Garfield scoffed with laughing. He raised up hammer like featherweight pillow and then tossed it in air with meteor power. He then took out his Desert Eagle and aimed at Mjolnir.

"Here is your worthiness." Garfield said with ice cold style as he shot Mjolnir with Desert Eagle making it shatter like explosion of rainbow diamonds.

"NO! How can this be!?" Cried out Thor like milkman crying over cracked egg.

"Your toy hammer is crutch for your spineless body. Without it you quiver like jellyfish in autumn breeze." Garfield said with solemn teaching.

Garfield then approached Thor with swagger of majestic masculinity. Every step quaked with rumbles and stars in galaxies distant exploded in awe. Thor looked up into Garfield's eyes which were blazing infernos and saw the coming and unbecoming of universes. Sweat like frozen daggers rained on face as he saw destiny of truth. He saw himself in Garfield's eyes squealing in terror of cosmos. He then saw himself rebirthed out womb which was serpent's mouth and blood gushed out like ketchup but blood was not blood but lasagna.

"So it is truth." Thor said with enlightenment. Tears filled Thor's eyes like honeydew and poured like hot river of remorse.
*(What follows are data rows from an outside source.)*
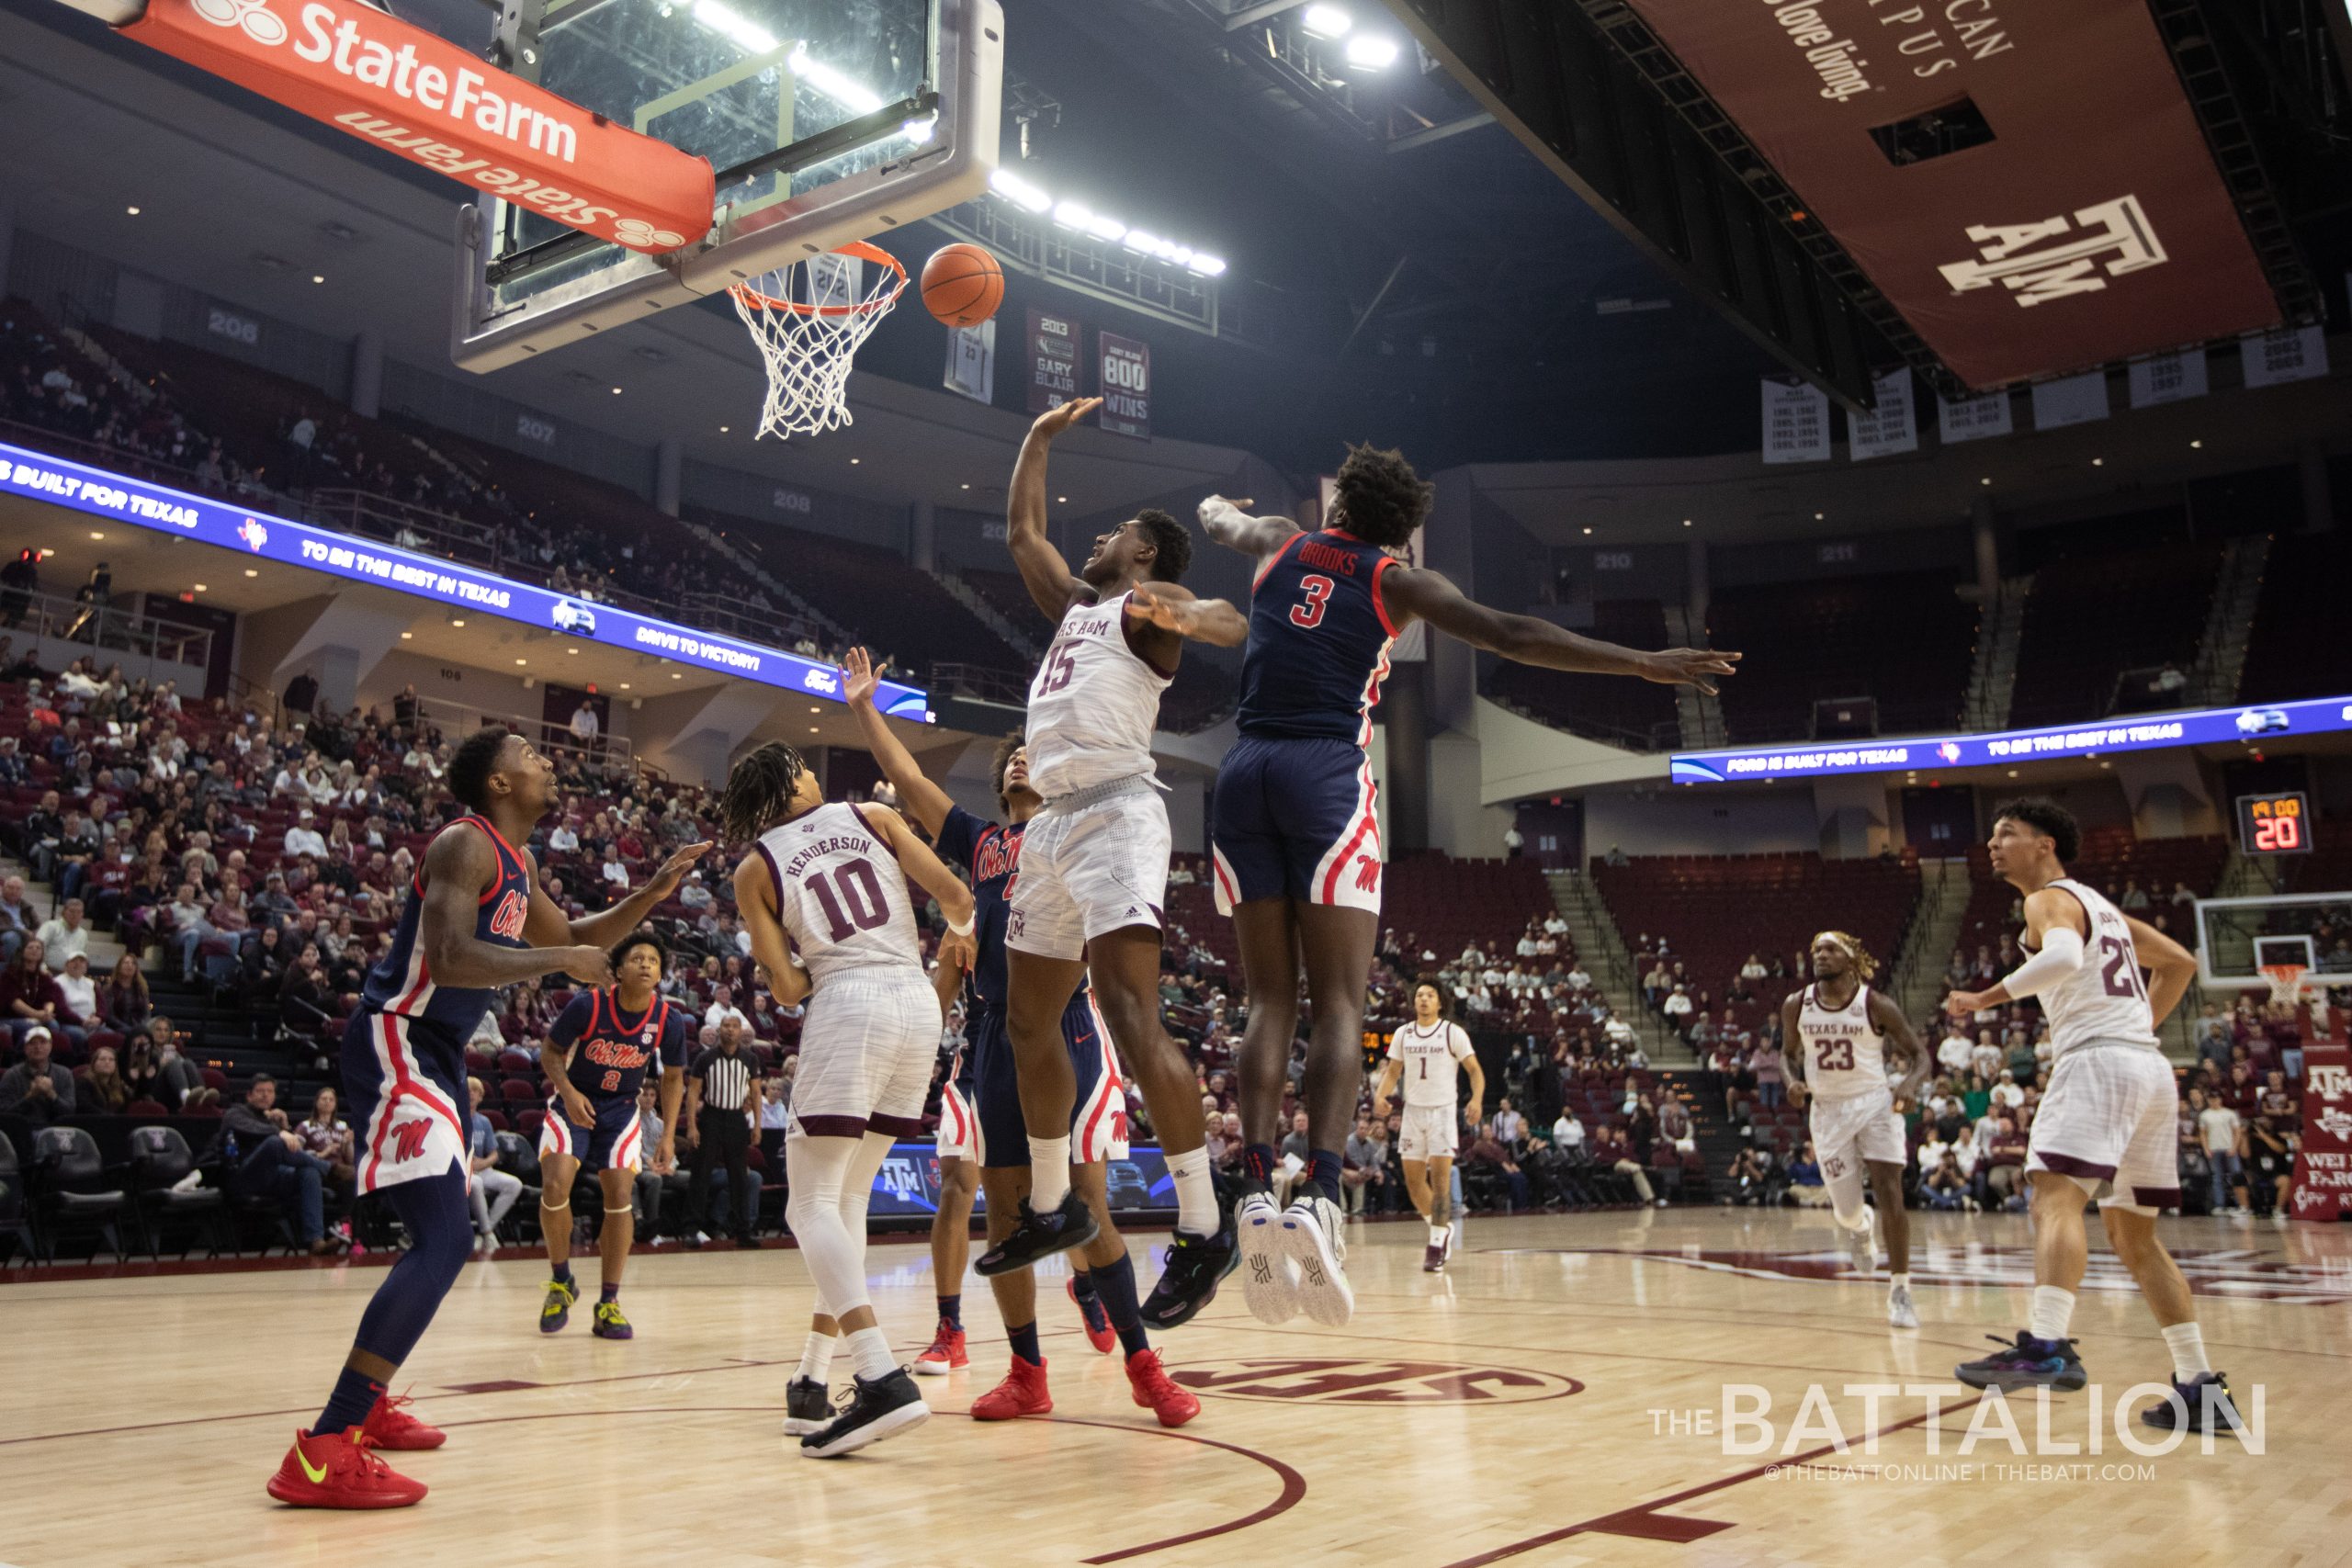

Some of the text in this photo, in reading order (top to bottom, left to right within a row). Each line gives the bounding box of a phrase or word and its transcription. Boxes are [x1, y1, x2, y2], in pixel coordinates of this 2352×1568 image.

[1041, 318, 1068, 336] 2013
[1037, 356, 1073, 377] GARY
[1104, 355, 1147, 391] 800
[1035, 373, 1075, 392] BLAIR
[1105, 392, 1148, 420] WINS
[518, 415, 553, 443] 207
[0, 460, 199, 528] S BUILT FOR TEXAS
[982, 522, 1007, 540] 20
[301, 539, 511, 609] TO BE THE BEST IN TEXAS
[1297, 541, 1359, 577] BROOKS
[1289, 574, 1335, 629] 3
[1077, 620, 1110, 637] A&M
[636, 626, 761, 671] DRIVE TO VICTORY!
[805, 669, 837, 694] Ford
[1036, 639, 1085, 698] 15
[1987, 723, 2183, 756] TO BE THE BEST IN TEXAS
[1726, 748, 1908, 773] FORD IS BUILT FOR TEXAS
[2255, 817, 2300, 851] 20
[786, 836, 871, 878] HENDERSON
[978, 840, 1005, 882] Ole
[804, 858, 890, 943] 10
[1803, 1024, 1864, 1036] TEXAS A&M
[585, 1038, 614, 1065] Ole
[1815, 1038, 1855, 1070] 23
[600, 1069, 621, 1091] 2
[1419, 1057, 1427, 1079] 1
Garfield nodded mighty head in silence.

"I know now. I am pathetic worm being baked in rays of manliness." Thor wept with distraught. "Please Garfield end my being with your righteous fury."

"So be it. My steel palm will crush wisdom into your mind." Garfield said as he placed palm on Thor's tiny head. He gripped Thor's very small head effortlessly. His tadpole head was like grape overcome in sea of palm. Garfield crushed head like miniature watermelon making shower of blood and brain spurt like shower mush. Eyes popped out like popcorn and pieces of skull exploded outward. In final moments Thor felt wisdom and peace enter his mind.
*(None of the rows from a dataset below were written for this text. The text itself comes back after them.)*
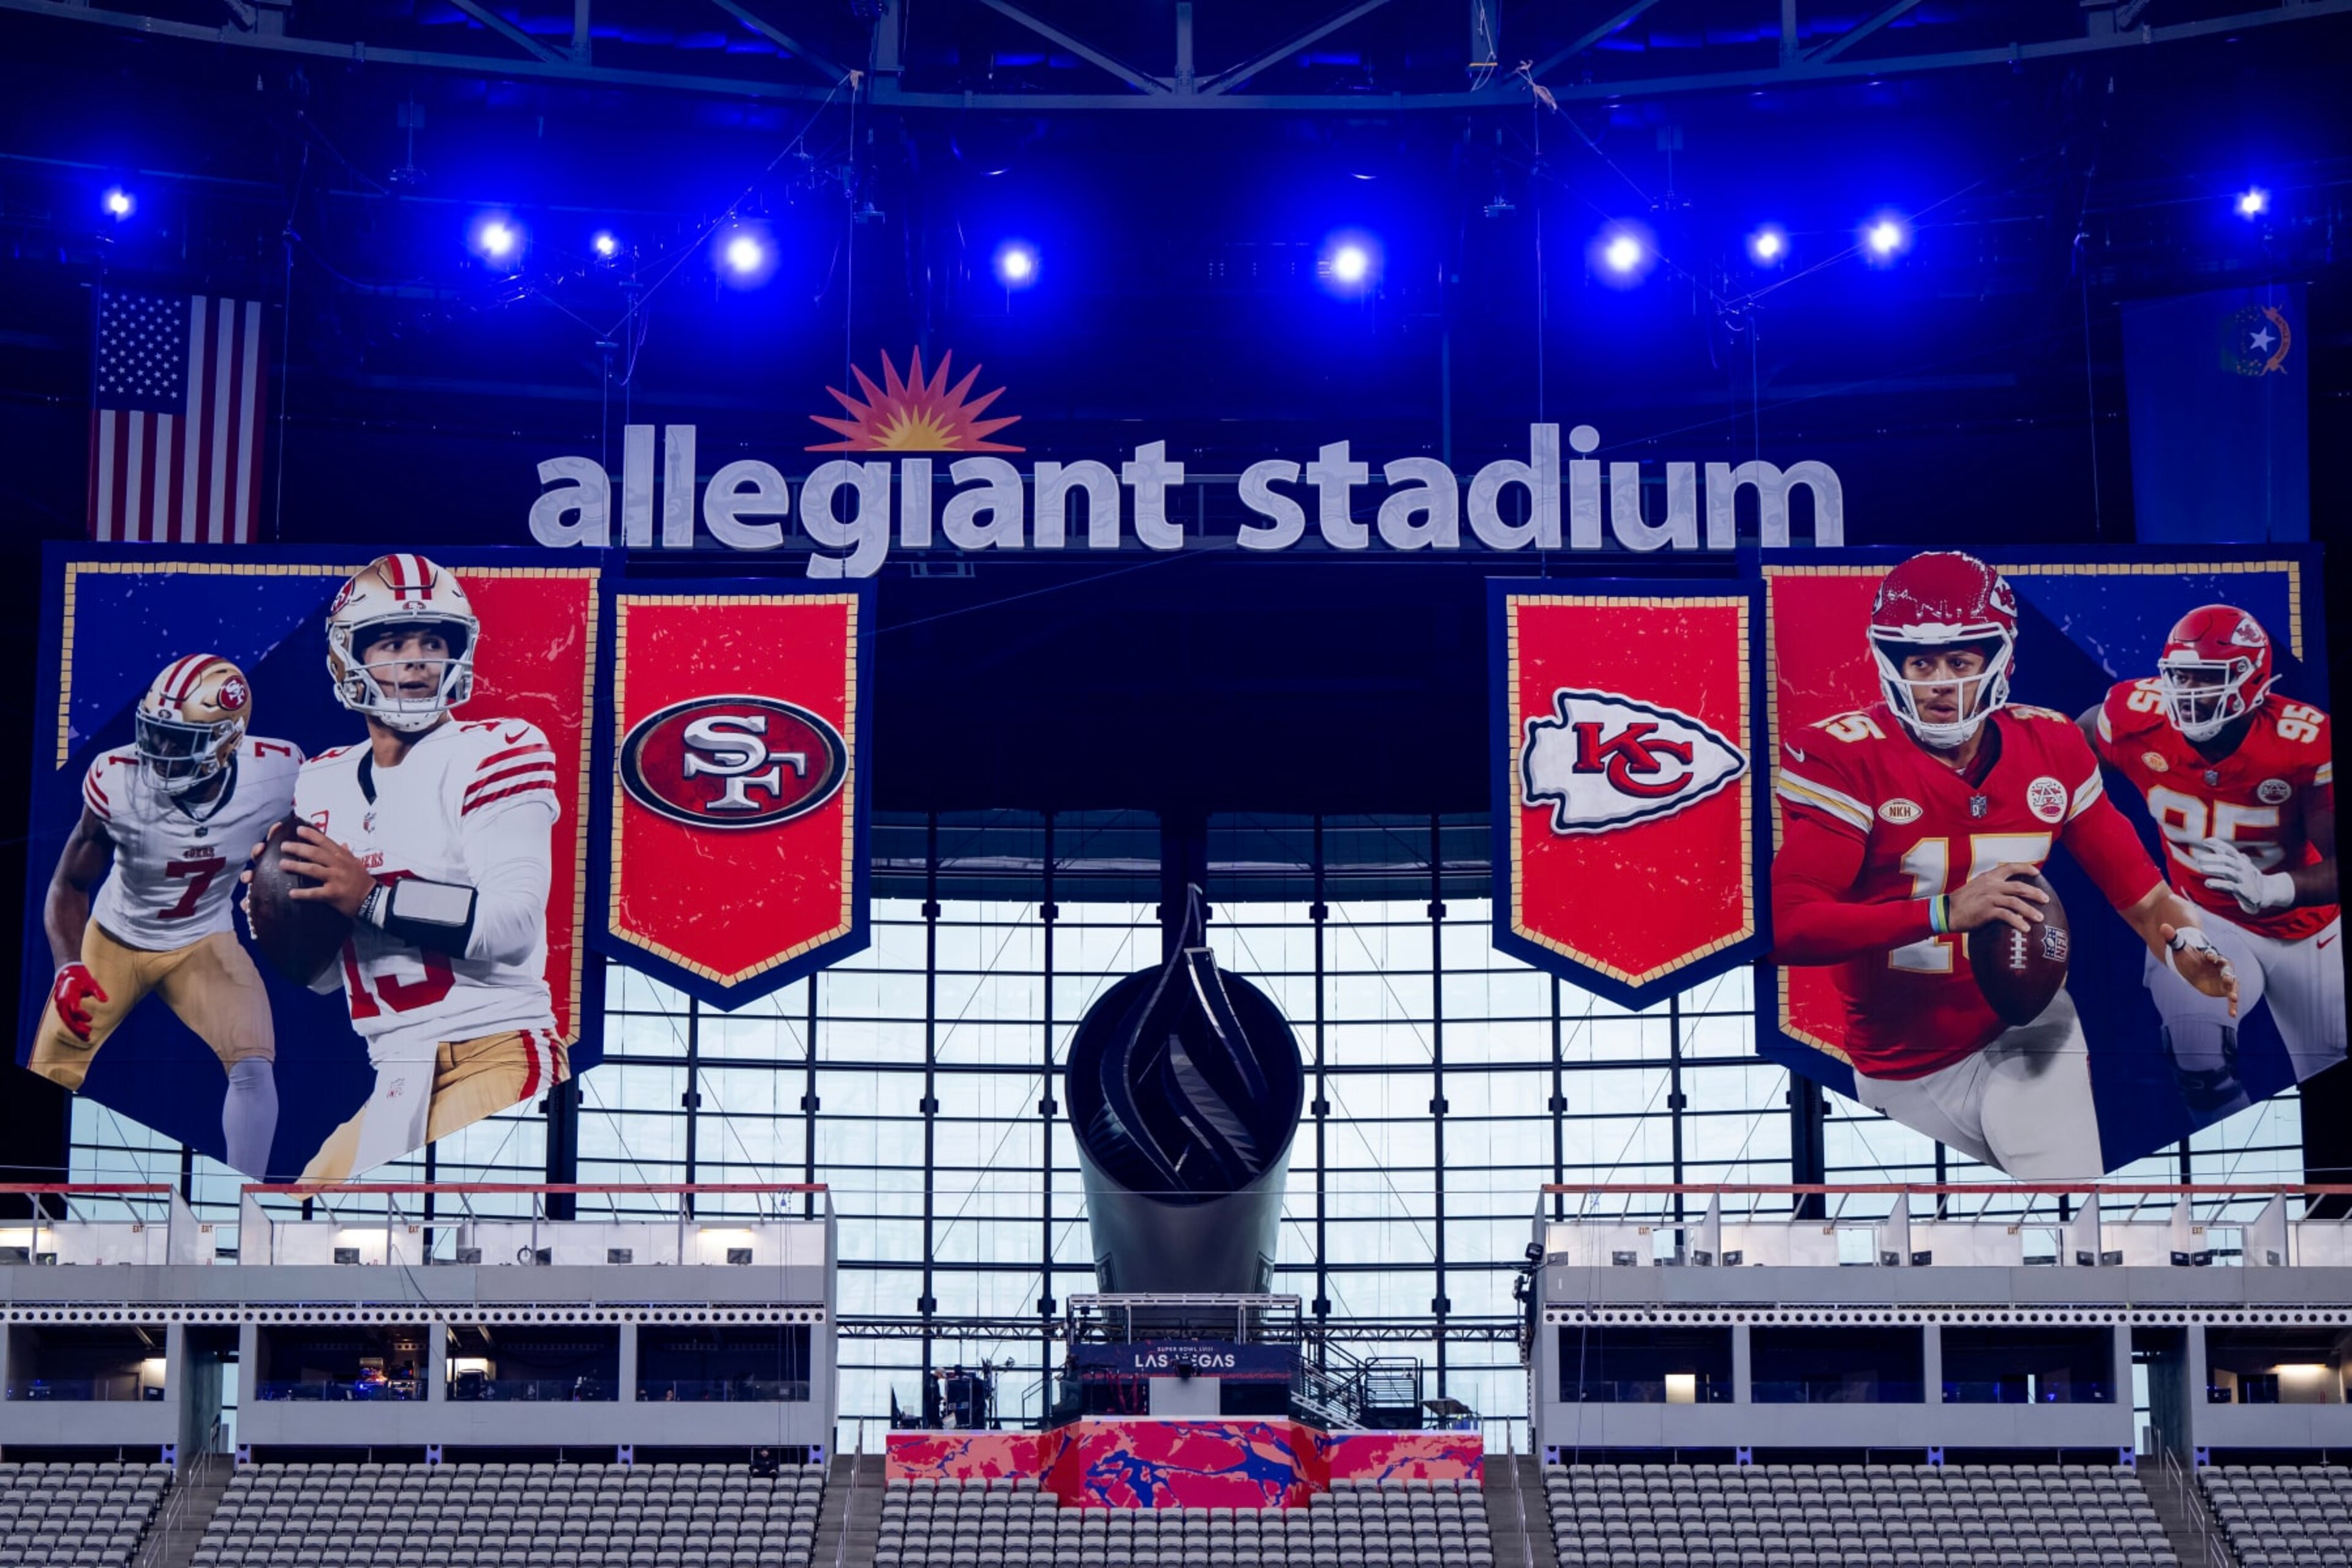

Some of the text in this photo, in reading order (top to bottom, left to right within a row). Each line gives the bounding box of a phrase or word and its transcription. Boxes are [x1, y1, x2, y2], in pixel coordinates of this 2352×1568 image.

[529, 423, 1844, 579] allegiant stadium
[2277, 704, 2325, 743] 95
[254, 742, 291, 757] 7
[683, 715, 806, 809] SF
[1572, 722, 1694, 797] KC
[1890, 806, 1910, 817] NKH
[2147, 785, 2285, 875] 95
[360, 851, 383, 868] ERS
[157, 857, 226, 919] 7
[1135, 1354, 1235, 1368] LAS EGAS
Garfield presented bloody wet hands and handmaidens dressed in transparent silk robes came over with rushing and licked Garfield palms with lustful thirst, cleaning his stone palms.

"Lick up pussy cats. My hands are dirty with fool's blood." Garfield said with orders.

Handmaidens licked with slimy tongues, oily and wet like pink eels. Their gooey tongues licked Garfield's hands until all were satisfied. When hands were clean, Garfield took Thor's headless body which was bleeding red waterfalls out of headstump. He motioned to handmaidens who brought stone bowl carved like lasagna pan. He then poured Thor's blood inside. When bowl was full Garfield spoke with commands to his handmaidens.

"Bake blood in Oven of Judgement and then take to Tree of Rebirthing. Let it feed with nourishment on blood." Garfield declared with edicts.

Then out of suddenness there was spark of smoke. A figure appeared from wispy clouds of fog. It was Odin!

"Garfield. I see you have done the deed." Odin said with observation. "It is sad but my son was not real man. He had to fall by your just hands."

Garfield said nothing. Wordless silence came from his closed mouth. His eyes were stoic mountains. He then approached Odin with march. He stared into Odin's eyes and Odin shook like baby trapped in iceberg. Garfield then took out lasagna cigarette and lit it with handgun lighter. He puffed lasagna cigarette and blew smoke in Odin's face who coughed like puppy with asthma. Garfield then took out cigarette from lips and put it out on Odin's bare arm. Odin screamed like seagull giving birth to ostrich and in puff of smoke turned into Loki!

"Garfield how did you know it was me." Loki said with shock.

"Perfumed pig still smells like mud." Garfield said with steel rage.

"It is too late. Thor is dead. I have tricked you! I have won!" Squealed Loki like potbellied pig.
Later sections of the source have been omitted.